*** Opening Task data ***
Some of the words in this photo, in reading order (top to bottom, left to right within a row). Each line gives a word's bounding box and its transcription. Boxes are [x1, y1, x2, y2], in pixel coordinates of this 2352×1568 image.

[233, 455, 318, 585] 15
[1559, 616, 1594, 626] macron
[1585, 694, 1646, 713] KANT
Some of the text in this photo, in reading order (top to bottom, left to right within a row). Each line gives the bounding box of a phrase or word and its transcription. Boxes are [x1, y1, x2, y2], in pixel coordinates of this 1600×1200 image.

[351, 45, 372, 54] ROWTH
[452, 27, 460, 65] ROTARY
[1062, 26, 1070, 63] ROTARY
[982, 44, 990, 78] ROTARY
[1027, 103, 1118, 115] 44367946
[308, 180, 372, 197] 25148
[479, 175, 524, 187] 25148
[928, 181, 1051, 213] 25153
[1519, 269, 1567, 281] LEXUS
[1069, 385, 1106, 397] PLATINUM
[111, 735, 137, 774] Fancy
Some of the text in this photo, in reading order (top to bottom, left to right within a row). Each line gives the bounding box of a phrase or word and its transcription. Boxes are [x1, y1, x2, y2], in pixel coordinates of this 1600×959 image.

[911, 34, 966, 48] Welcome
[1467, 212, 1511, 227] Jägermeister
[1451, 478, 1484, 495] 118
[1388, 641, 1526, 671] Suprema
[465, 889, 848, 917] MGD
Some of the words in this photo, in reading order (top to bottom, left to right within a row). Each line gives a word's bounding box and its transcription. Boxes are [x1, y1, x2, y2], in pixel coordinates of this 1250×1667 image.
*** Closing Task data ***
About this exercise: Give back each entry above precisely as it was written.

The answer:
Some of the words in this photo, in reading order (top to bottom, left to right within a row). Each line gives a word's bounding box and its transcription. Boxes are [x1, y1, x2, y2], in pixel coordinates of this 2352×1568 image.

[233, 455, 318, 585] 15
[1559, 616, 1594, 626] macron
[1585, 694, 1646, 713] KANT
Some of the text in this photo, in reading order (top to bottom, left to right within a row). Each line gives the bounding box of a phrase or word and its transcription. Boxes are [x1, y1, x2, y2], in pixel coordinates of this 1600×1200 image.

[351, 45, 372, 54] ROWTH
[452, 27, 460, 65] ROTARY
[1062, 26, 1070, 63] ROTARY
[982, 44, 990, 78] ROTARY
[1027, 103, 1118, 115] 44367946
[308, 180, 372, 197] 25148
[479, 175, 524, 187] 25148
[928, 181, 1051, 213] 25153
[1519, 269, 1567, 281] LEXUS
[1069, 385, 1106, 397] PLATINUM
[111, 735, 137, 774] Fancy
Some of the text in this photo, in reading order (top to bottom, left to right within a row). Each line gives the bounding box of a phrase or word and its transcription. Boxes are [x1, y1, x2, y2], in pixel coordinates of this 1600×959 image.

[911, 34, 966, 48] Welcome
[1467, 212, 1511, 227] Jägermeister
[1451, 478, 1484, 495] 118
[1388, 641, 1526, 671] Suprema
[465, 889, 848, 917] MGD
Some of the words in this photo, in reading order (top to bottom, left to right within a row). Each line gives a word's bounding box and its transcription. Boxes are [x1, y1, x2, y2], in pixel coordinates of this 1250×1667 image.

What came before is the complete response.